Eighteen months after his wife, Julia, died from breast cancer, Craig Sullivan went on a mission -- to find another great love.
He considered dating sites and matchmaking services, but somehow, to the 49-year-old, that method of finding a partner seemed cliché.
With a little inspiration from The Police song "Message in a Bottle," the man from North Lanarkshire, Scotland, came up with the perfect plan.
"That started me thinking. If I could find some good places to throw some bottles, they might wash up on your shore," Sullivan wrote in a blog post. "You might open one and read a message."
On July 20, Sullivan went on a week-long journey around the United Kingdom, determined to spread his love letters far and wide.
"I don't have expectations that this will lead somewhere or that it has to have a romantic conclusion," Sullivan added. "It's the journey and the unknown future that's the most exciting part."
Unfortunately, not everyone was as thrilled by the idea as Sullivan.
Several of those who received the love letters accused Sullivan of littering and polluting the environment.
"Hi Craig, I love how romantic your idea is but please reconsider putting all of these into the sea, lots of us spend hours picking up beach," one woman responded in a letter of her own.

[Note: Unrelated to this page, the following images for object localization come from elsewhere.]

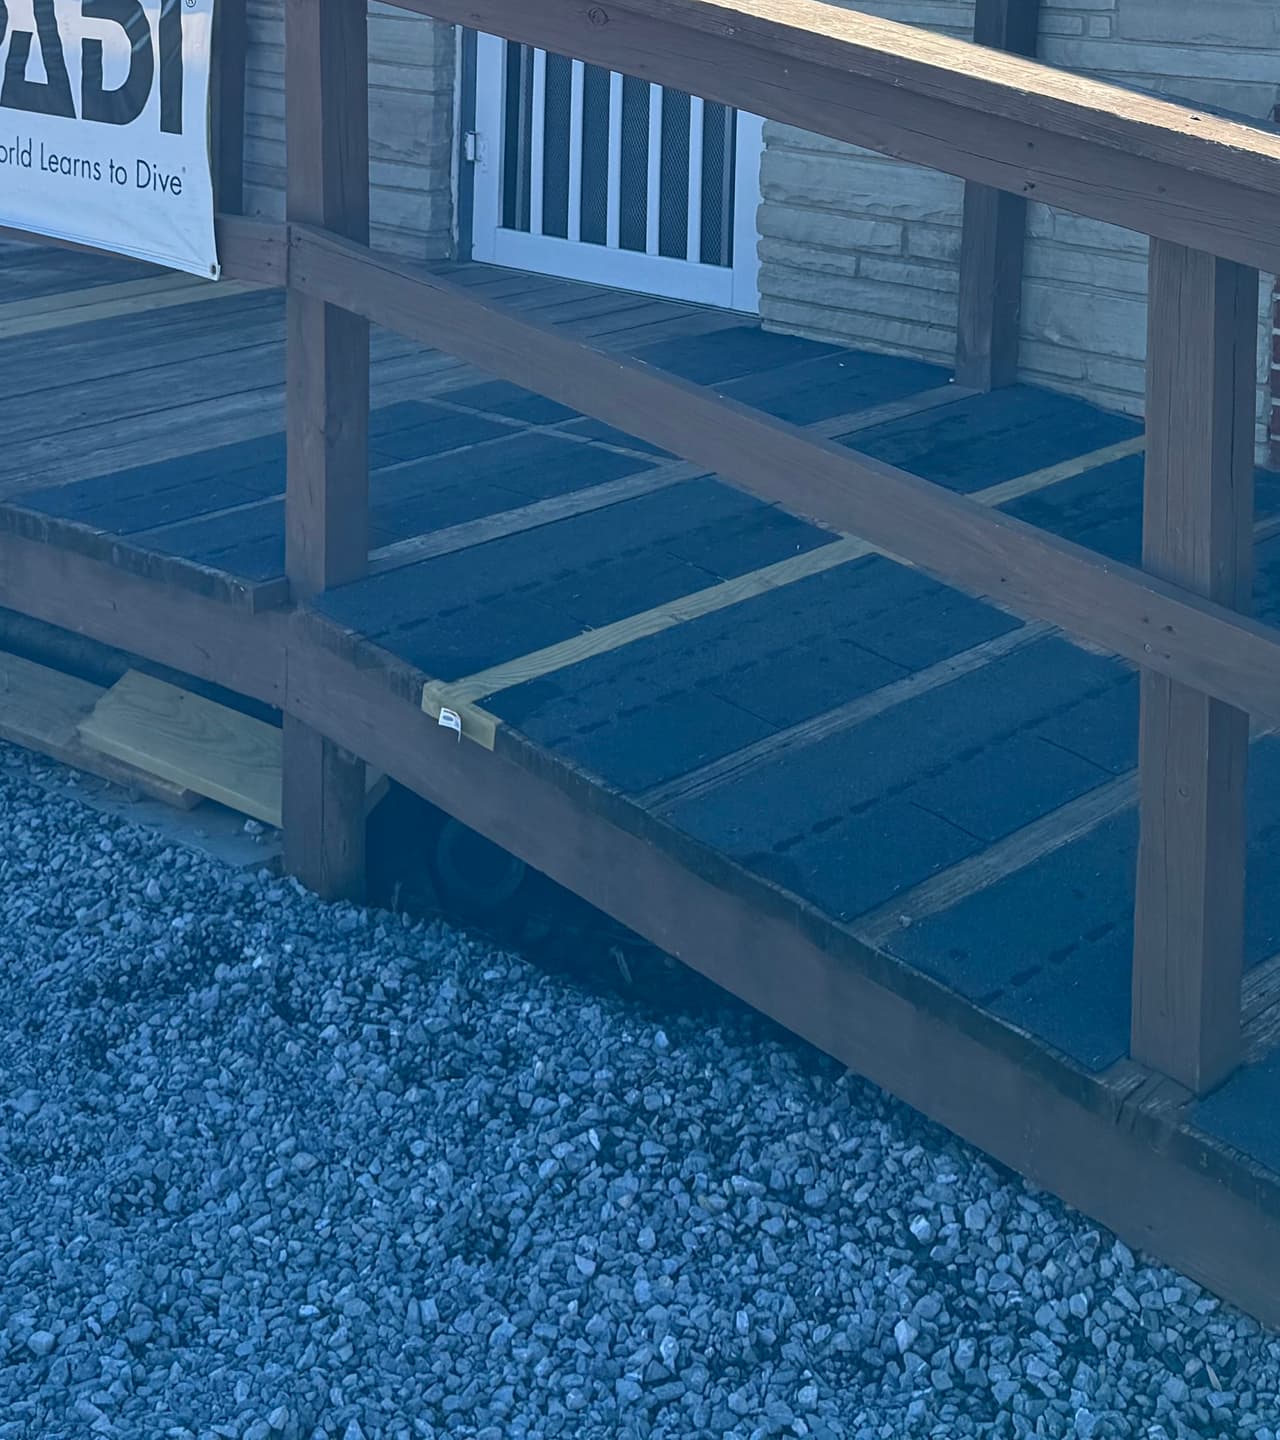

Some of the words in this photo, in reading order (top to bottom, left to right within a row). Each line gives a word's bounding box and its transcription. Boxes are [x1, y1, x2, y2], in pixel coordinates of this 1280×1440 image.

[40, 142, 102, 181] Learns
[109, 159, 128, 186] to
[136, 161, 183, 195] Dive
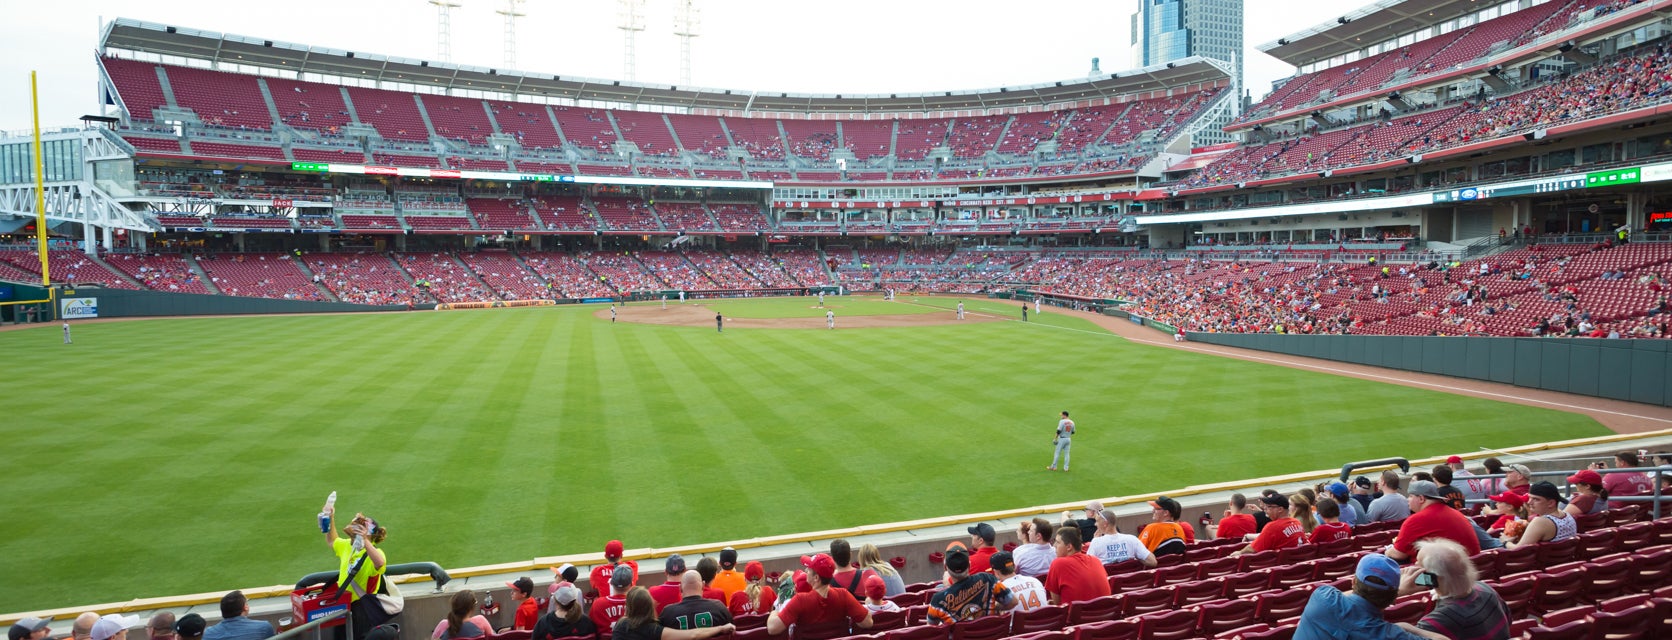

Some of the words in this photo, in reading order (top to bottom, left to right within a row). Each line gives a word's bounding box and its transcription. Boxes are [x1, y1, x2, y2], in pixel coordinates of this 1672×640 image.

[67, 307, 82, 315] ARC
[1106, 544, 1121, 552] KEEP
[945, 580, 985, 609] Baltimore
[1018, 590, 1042, 611] 14

"How about joining a big beach clean, you may pick up a hobby & meet someone there too? We deserve love & clean beaches," another replied.

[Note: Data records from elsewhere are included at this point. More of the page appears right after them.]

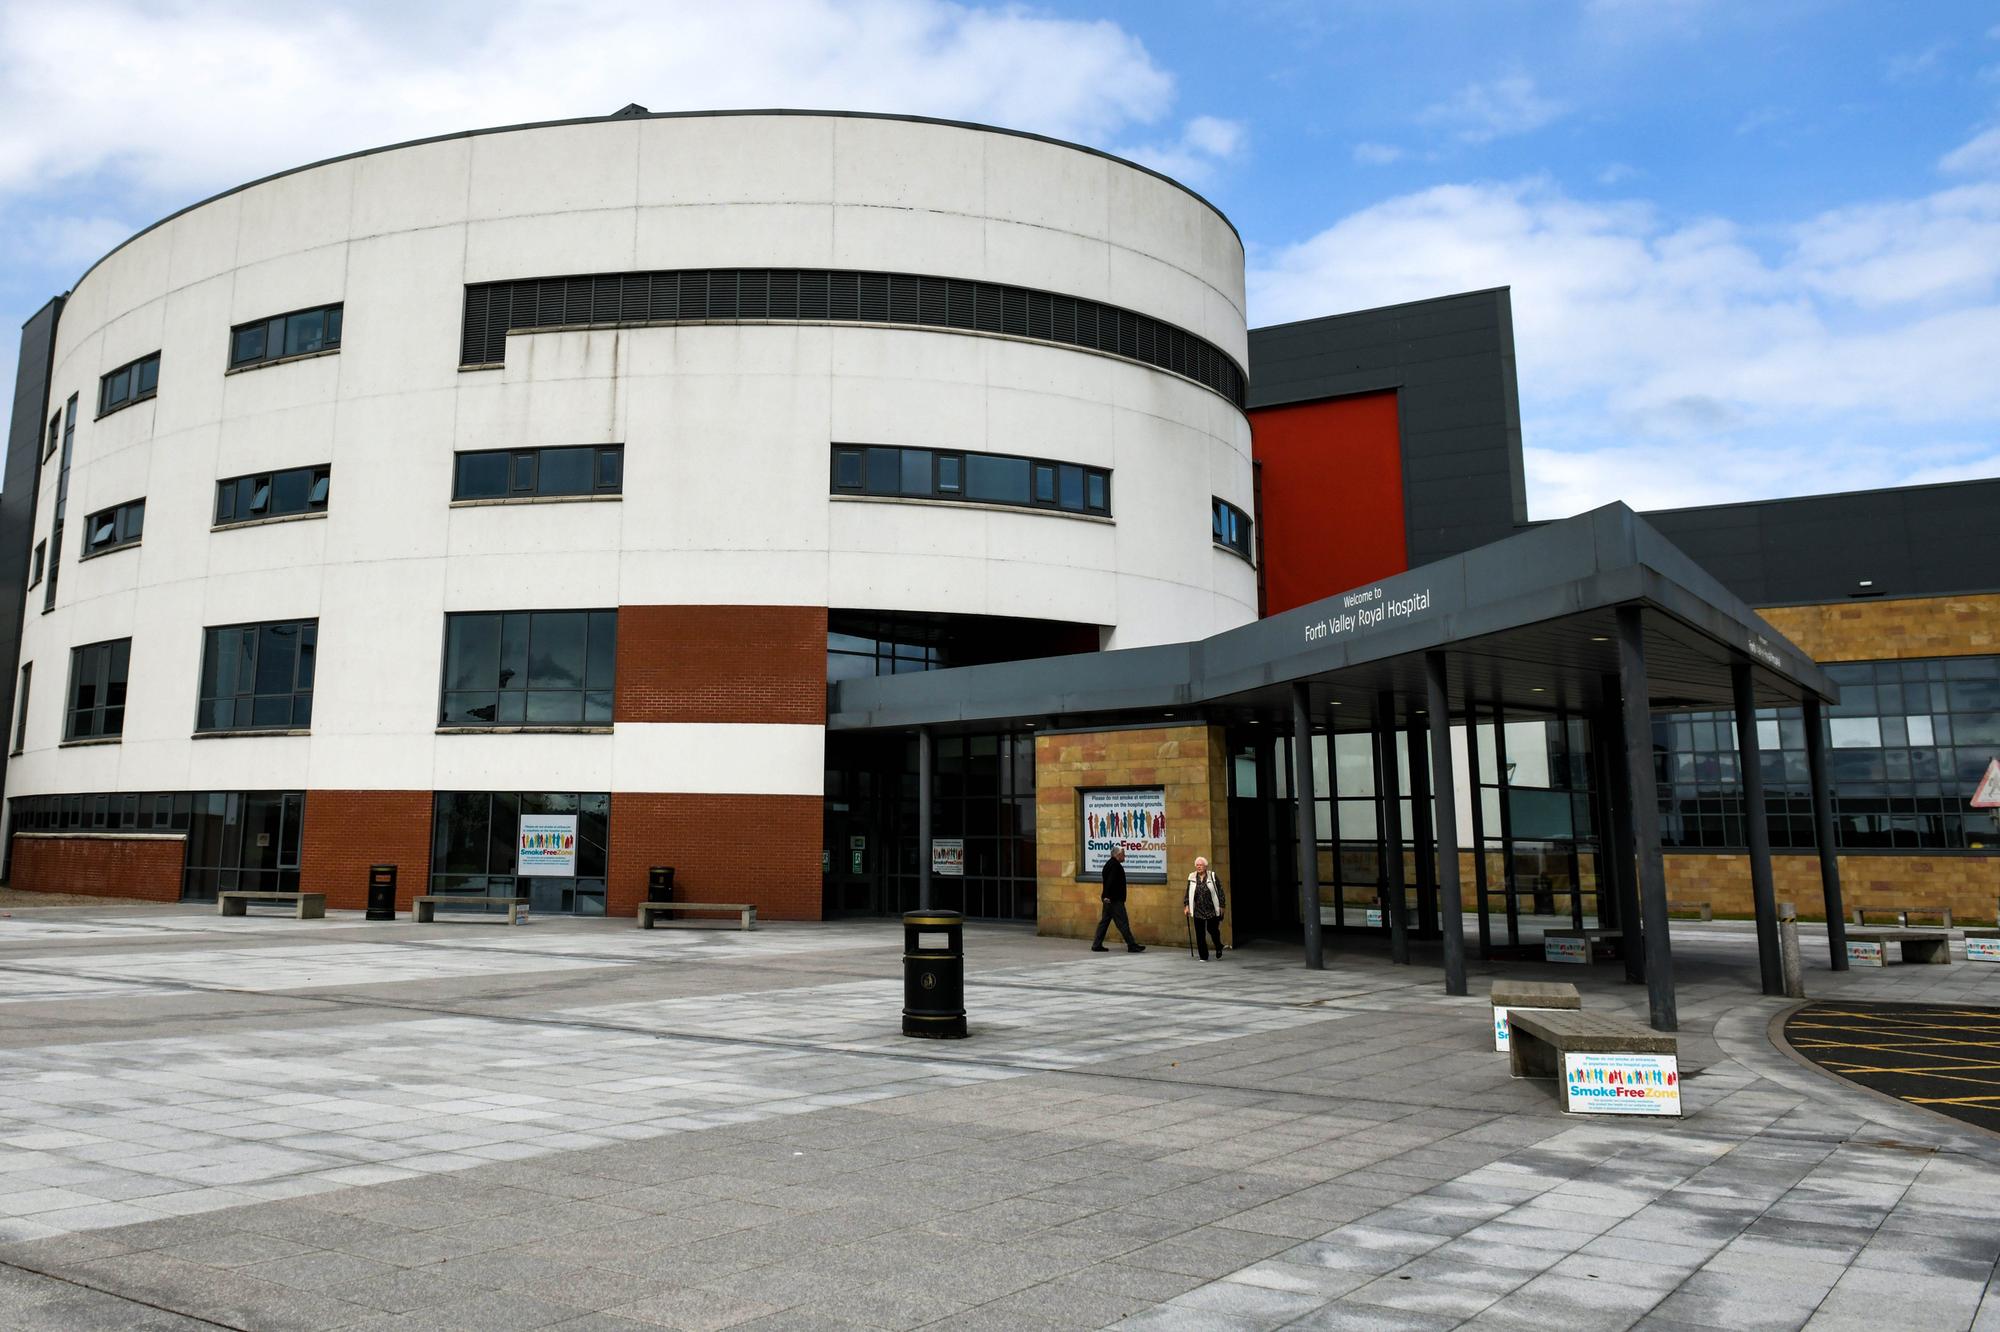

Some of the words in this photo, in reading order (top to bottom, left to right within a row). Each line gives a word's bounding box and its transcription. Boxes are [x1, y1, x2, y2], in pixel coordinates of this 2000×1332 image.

[1343, 591, 1373, 608] Welcome
[1374, 587, 1382, 599] to
[1305, 621, 1327, 642] Forth
[1329, 614, 1356, 633] Valley
[1358, 602, 1385, 627] Royal
[1387, 589, 1430, 618] Hospital
[1570, 1085, 1678, 1098] SmokeFreeZone

Sullivan was reported to the Scottish Environment Protection Agency (Sepa) after releasing about 200 of the bottles into the River Cree in Dumfries and Galloway, Scotland, according to BBC News. Sepa said the bottles were removed from the river by locals.
Sullivan told BBC News he stopped releasing the bottles after he received a notice from Sepa, along with several angry responses from people around the U.K.
"The abuse was not very good. In several instances it got out of hand. It was never my intent to harm the environment. It was more accident, naivety as well as stupidity in the execution," Sullivan told BBC News, explaining that most of the bottles washed up on a beach in Wales or got caught in a net at the River Cree.
But Sullivan doesn't regret his decision.
It has been more than a week since he dumped the bottles and the 49-year-old says he's already received 50 responses from women who have shown an interest in getting to know him.
"I am genuinely sorry for upsetting people, but I do not regret what I did," Sullivan said.